Exercise: Only the pictures are to be left out; write out the rest of the data exactly.

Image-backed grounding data
- Opening Delimiter -

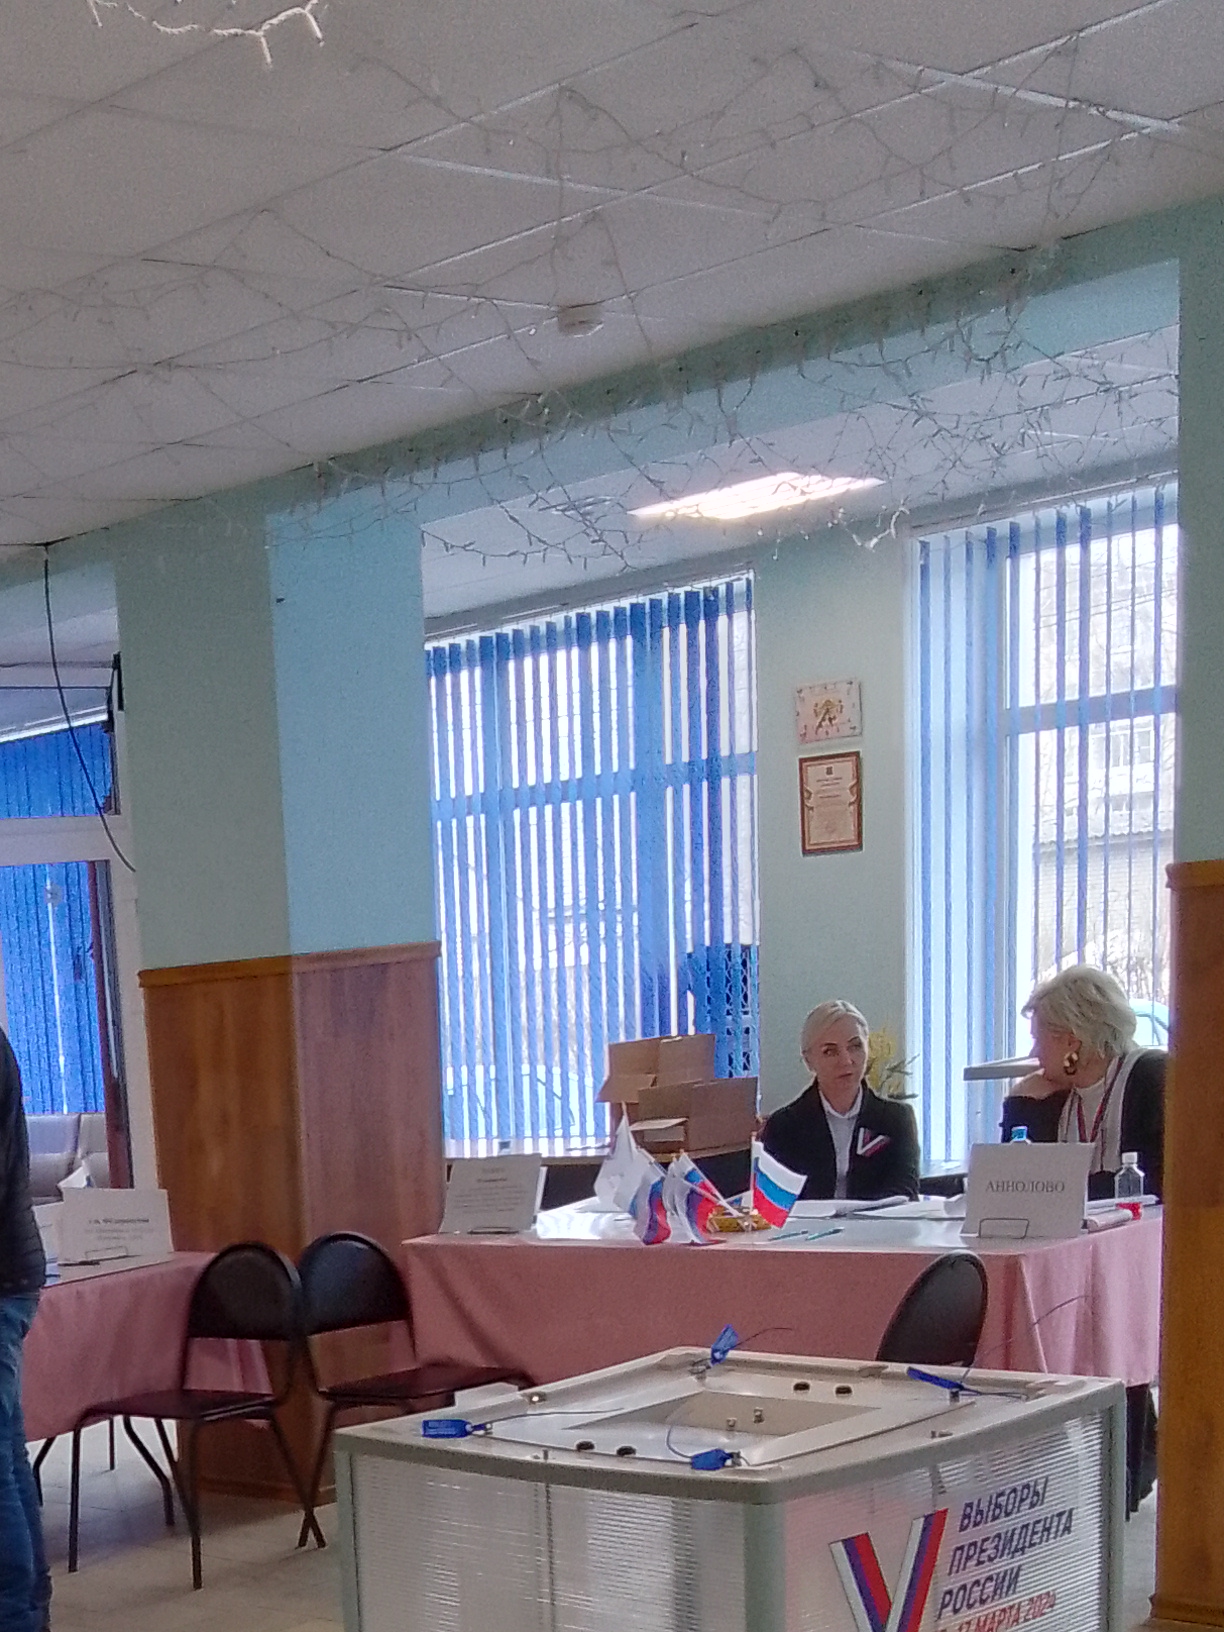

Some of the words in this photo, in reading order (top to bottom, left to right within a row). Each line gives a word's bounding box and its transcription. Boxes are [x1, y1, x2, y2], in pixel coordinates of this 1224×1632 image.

[985, 1180, 1066, 1194] АННОЛОВО
[959, 1476, 1049, 1532] ВЫБОРЫ
[947, 1508, 1074, 1576] ПРЕЗИДЕНТА
[935, 1565, 1021, 1621] РОССИИ
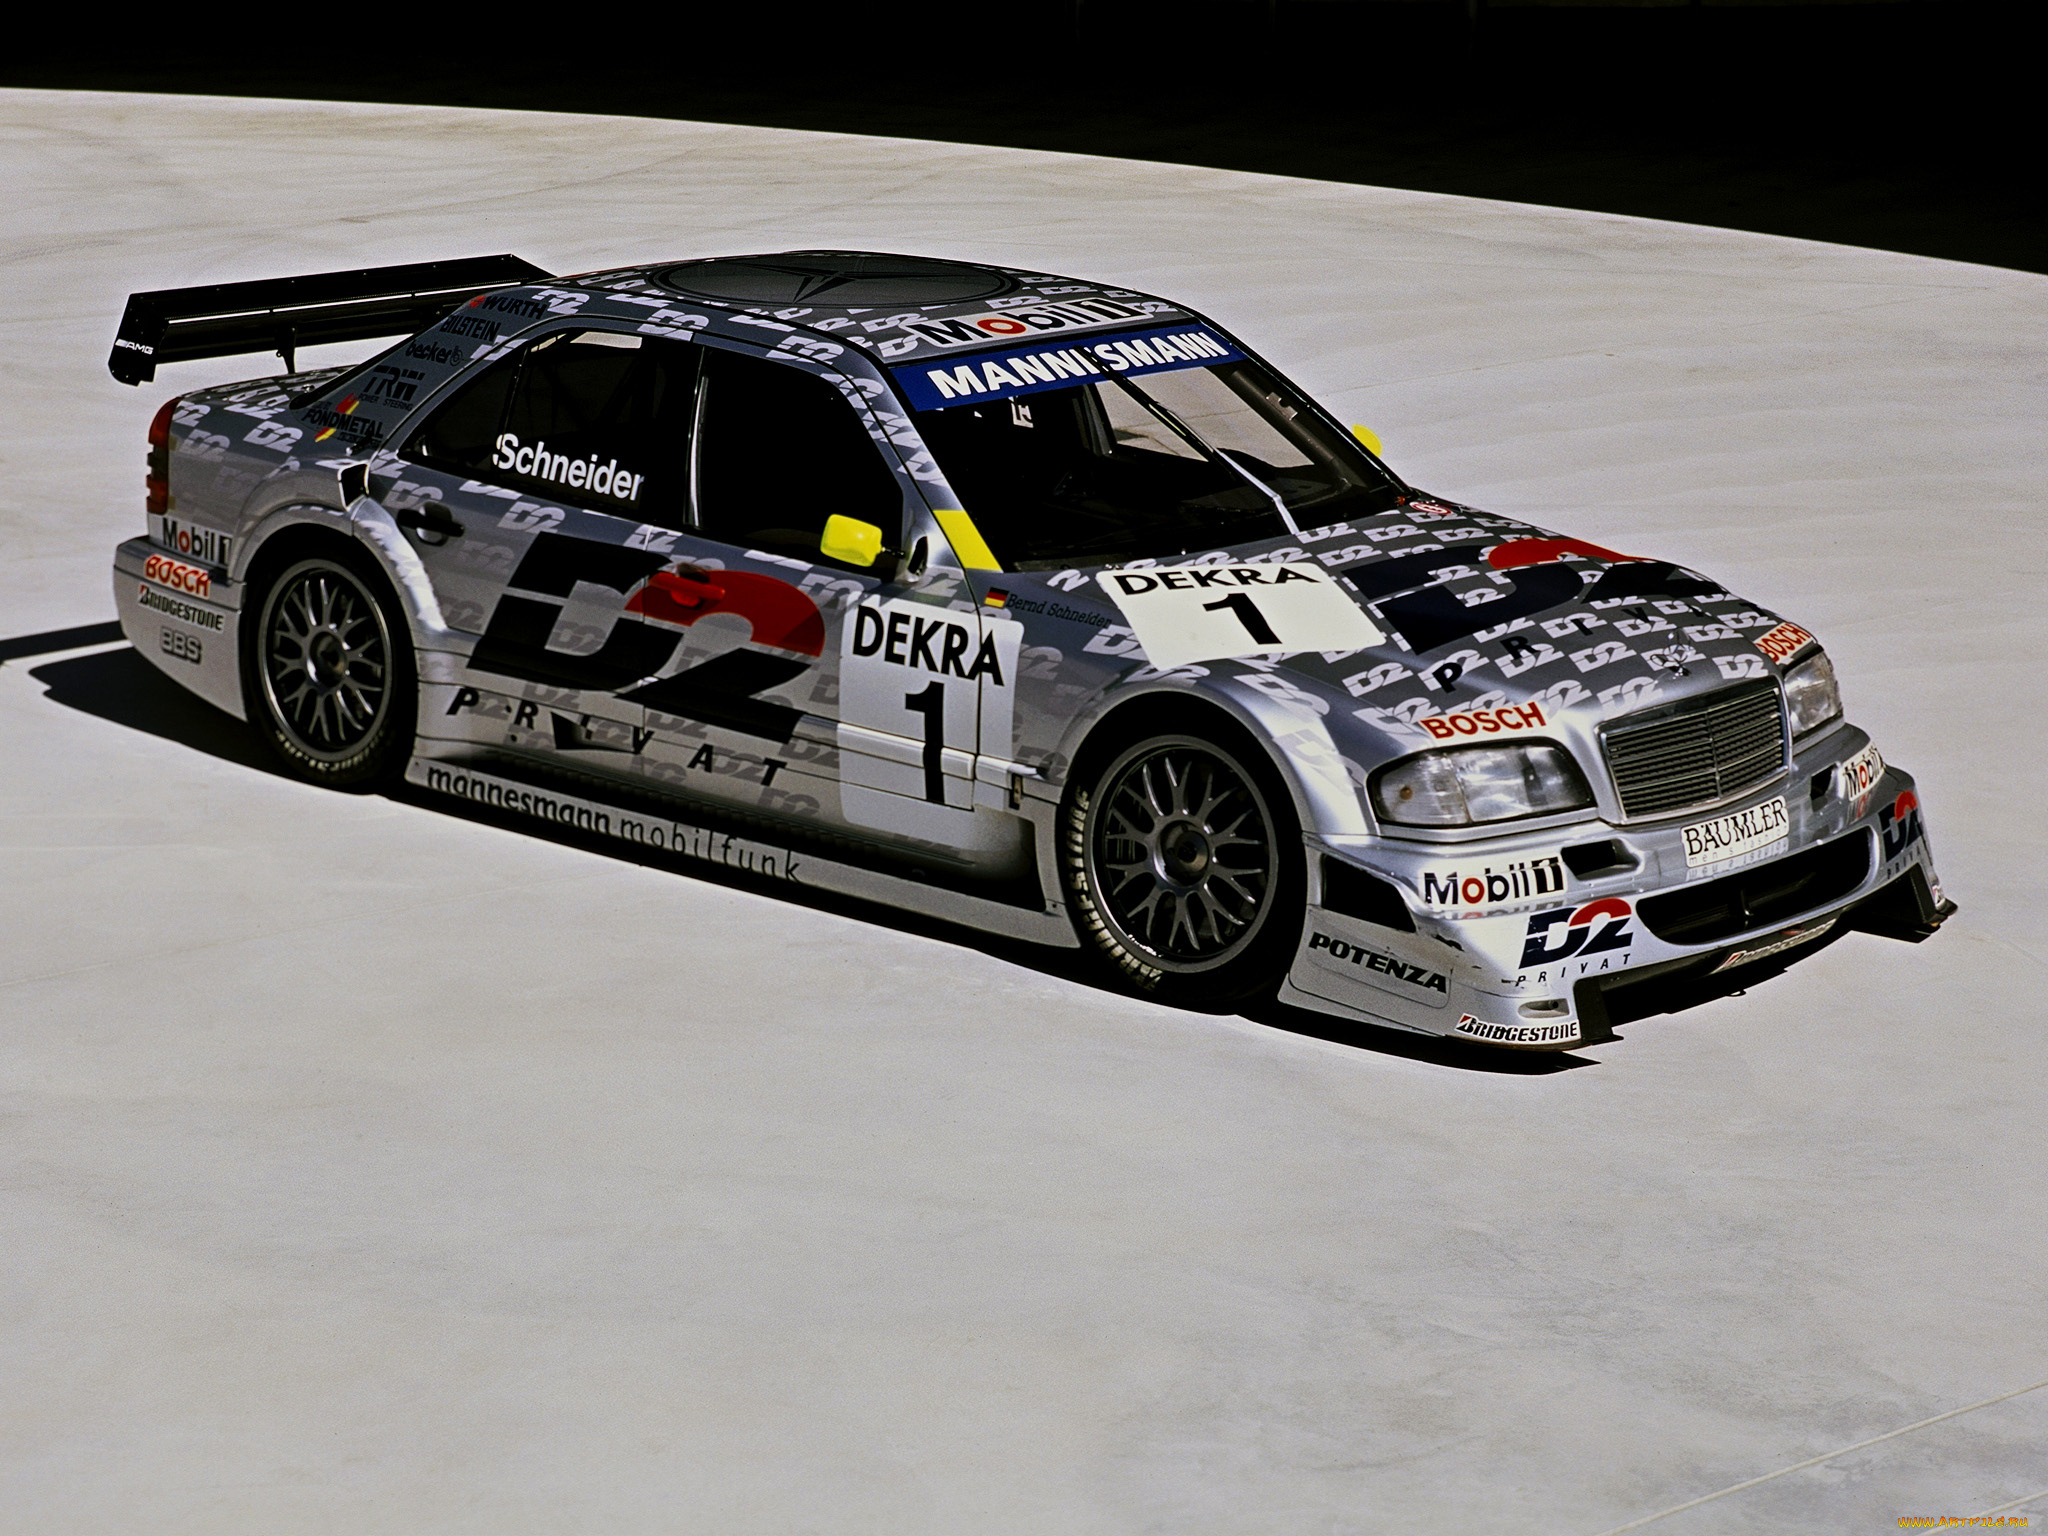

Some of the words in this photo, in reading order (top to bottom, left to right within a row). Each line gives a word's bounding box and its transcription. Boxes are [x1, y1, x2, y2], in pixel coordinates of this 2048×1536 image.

[985, 296, 1049, 309] D2
[440, 315, 502, 342] BILSTEIN
[909, 302, 1102, 345] Mobil
[126, 342, 154, 355] AMG
[405, 340, 453, 364] becker
[383, 398, 413, 411] STEERING
[243, 420, 303, 453] D2
[301, 408, 384, 439] FONDMETAL
[178, 429, 230, 463] D2
[493, 433, 644, 501] Schneider
[497, 501, 566, 533] D2
[1363, 524, 1427, 542] D2
[162, 517, 215, 562] Mobil
[1432, 527, 1494, 542] D2
[1317, 545, 1383, 567] D2
[145, 554, 211, 597] BOSCH
[1112, 567, 1321, 596] DEKRA
[140, 584, 224, 631] BRIDGESTONE
[1006, 593, 1047, 614] Bernd
[1047, 603, 1113, 629] Schneider
[1202, 592, 1283, 645] 1
[1717, 611, 1778, 629] D2
[466, 531, 826, 744] D2
[1613, 616, 1678, 637] D2
[1683, 623, 1744, 643] D2
[161, 626, 202, 664] BBS
[852, 604, 1005, 687] DEKRA
[1568, 641, 1637, 673] D2
[1342, 662, 1413, 697] D2
[1711, 654, 1769, 679] D2
[1420, 701, 1547, 740] BOSCH
[905, 680, 945, 805] 1
[427, 764, 611, 832] mannesmann
[620, 817, 801, 883] mobilfunk
[1683, 798, 1787, 857] BÄUMLER
[1424, 862, 1530, 905] Mobil
[1518, 897, 1634, 970] D2
[1308, 932, 1447, 994] POTENZA
[1514, 953, 1631, 988] PRIVAT
[1455, 1013, 1578, 1041] BRIDGESTONE

- Closing Delimiter -

Task output:
Some of the words in this photo, in reading order (top to bottom, left to right within a row). Each line gives a word's bounding box and its transcription. Boxes are [x1, y1, x2, y2], in pixel coordinates of this 1224×1632 image.

[985, 1180, 1066, 1194] АННОЛОВО
[959, 1476, 1049, 1532] ВЫБОРЫ
[947, 1508, 1074, 1576] ПРЕЗИДЕНТА
[935, 1565, 1021, 1621] РОССИИ

Some of the words in this photo, in reading order (top to bottom, left to right within a row). Each line gives a word's bounding box and its transcription. Boxes are [x1, y1, x2, y2], in pixel coordinates of this 2048×1536 image.

[985, 296, 1049, 309] D2
[440, 315, 502, 342] BILSTEIN
[909, 302, 1102, 345] Mobil
[126, 342, 154, 355] AMG
[405, 340, 453, 364] becker
[383, 398, 413, 411] STEERING
[243, 420, 303, 453] D2
[301, 408, 384, 439] FONDMETAL
[178, 429, 230, 463] D2
[493, 433, 644, 501] Schneider
[497, 501, 566, 533] D2
[1363, 524, 1427, 542] D2
[162, 517, 215, 562] Mobil
[1432, 527, 1494, 542] D2
[1317, 545, 1383, 567] D2
[145, 554, 211, 597] BOSCH
[1112, 567, 1321, 596] DEKRA
[140, 584, 224, 631] BRIDGESTONE
[1006, 593, 1047, 614] Bernd
[1047, 603, 1113, 629] Schneider
[1202, 592, 1283, 645] 1
[1717, 611, 1778, 629] D2
[466, 531, 826, 744] D2
[1613, 616, 1678, 637] D2
[1683, 623, 1744, 643] D2
[161, 626, 202, 664] BBS
[852, 604, 1005, 687] DEKRA
[1568, 641, 1637, 673] D2
[1342, 662, 1413, 697] D2
[1711, 654, 1769, 679] D2
[1420, 701, 1547, 740] BOSCH
[905, 680, 945, 805] 1
[427, 764, 611, 832] mannesmann
[620, 817, 801, 883] mobilfunk
[1683, 798, 1787, 857] BÄUMLER
[1424, 862, 1530, 905] Mobil
[1518, 897, 1634, 970] D2
[1308, 932, 1447, 994] POTENZA
[1514, 953, 1631, 988] PRIVAT
[1455, 1013, 1578, 1041] BRIDGESTONE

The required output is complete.